Avaliação do sistema de estabilização plasmidial toxina-antitoxina para a produção de proteínas recombinantes em Escherichia coli.

• Main Author: Katayama, Karla Yukari
• Other Authors: Gonçalves, Viviane Maimoni
• Format: Others
• Language: pt
• Published: Biblioteca Digitais de Teses e Dissertações da USP 2016
• Subjects: Escherichia coli; Antibiotic-free cultivation; Bioprocess; Bioprocessos; Cultivo livre de antibióticos; Estabilidade plasmidial; Plasmidial stability; Proteína recombinante; Recombinant protein; Toxin-antitoxin; Toxina-antitoxina
• Online Access: http://www.teses.usp.br/teses/disponiveis/87/87131/tde-16012017-160857/

Uma abordagem promissora para a obtenção de coquetéis enzimáticos eficientes para a etapa de hidrólise na produção de etanol de 2ª geração é o enriquecimento em termos de atividades que lhes faltam, mas podem ser obtidas através de sistemas heterólogos. O trabalho teve como objetivo avaliar o sistema toxina -antitoxina (TA) para estabilização plasmidial em E. coli na produção de expansina e endoglucanase recombinantes. Os resultados indicaram que o sistema de expressão com estabilização TA é tão eficaz quanto o dependente de antibiótico para estabilização plasmidial. Além disso, mostrou-se mais eficiente pelo fato de não permitir a sobrevivência de células sem o plasmídeo. Estudos indicaram a quantidade mínima de 0,05mM de IPTG para expressão das proteínas nesta linhagem, cerca de 20 vezes menos que a concentração usualmente aplicada no momento da indução.

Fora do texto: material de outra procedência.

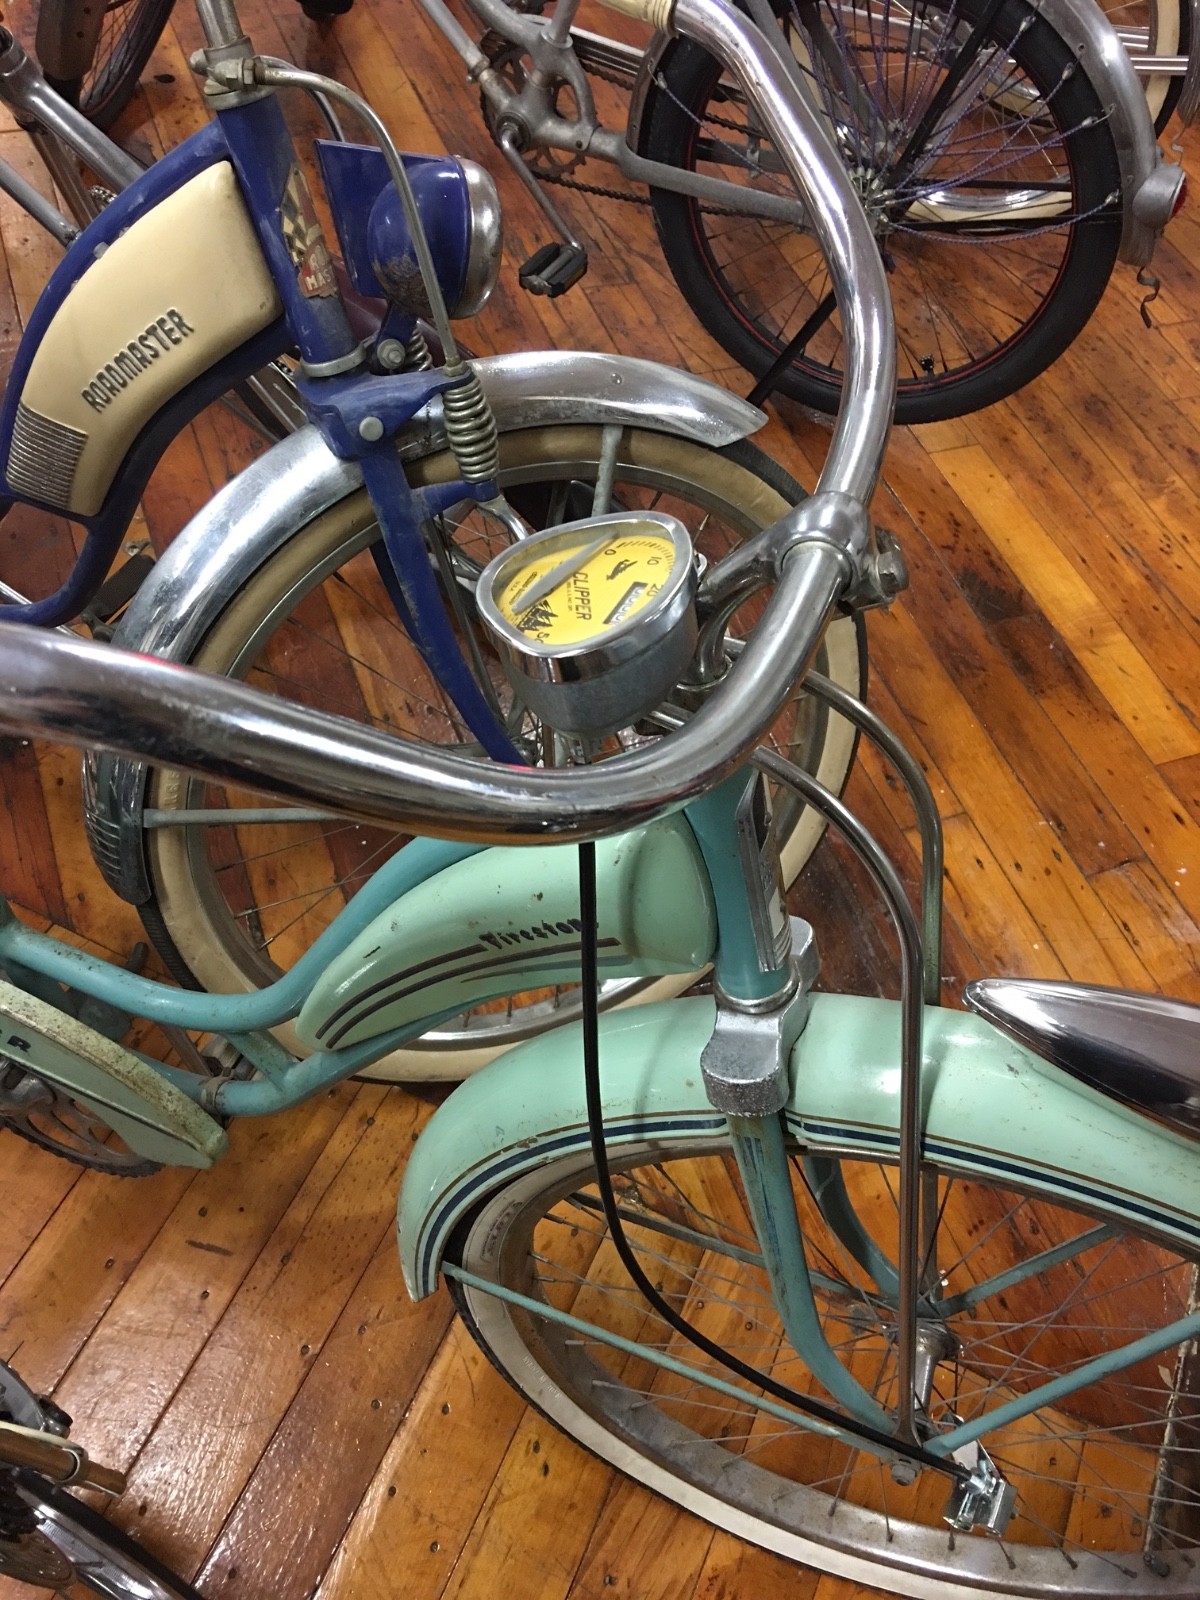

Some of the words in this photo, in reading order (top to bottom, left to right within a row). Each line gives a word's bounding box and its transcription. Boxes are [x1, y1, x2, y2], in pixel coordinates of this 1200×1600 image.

Sendo assim, o sistema de estabilização plasmidial TA mostrou-se uma ótima ferramenta para o desenvolvimento de uma plataforma alternativa para a produção de proteínas recombinantes. === A promising approach to obtain efficient enzyme cocktails for the hydrolysis step in the production of 2nd generation ethanol is the enrichment in terms of activities that are lacking, but can be obtained by heterologous systems. The study aimed to evaluate the toxina-antitoxin (TA) system for plasmid stabilization in E. coli in the production of recombinant expansin and endoglucanase. The results indicated that the expression system with TA stabilization is as effective as the antibiotic dependent for plasmid stabilization. Moreover, it proved to be more efficient by not allo wing the survival of cells without the plasmid. Studies have indicated the minimum amount of 0.05 mM IPTG for expression of proteins in this strain, about 20 times less than the concentration usually applied for induction. Thus, the plasmid stabilization TA system proved to be a great tool for the development of an alternative platform for producing recombinant proteins.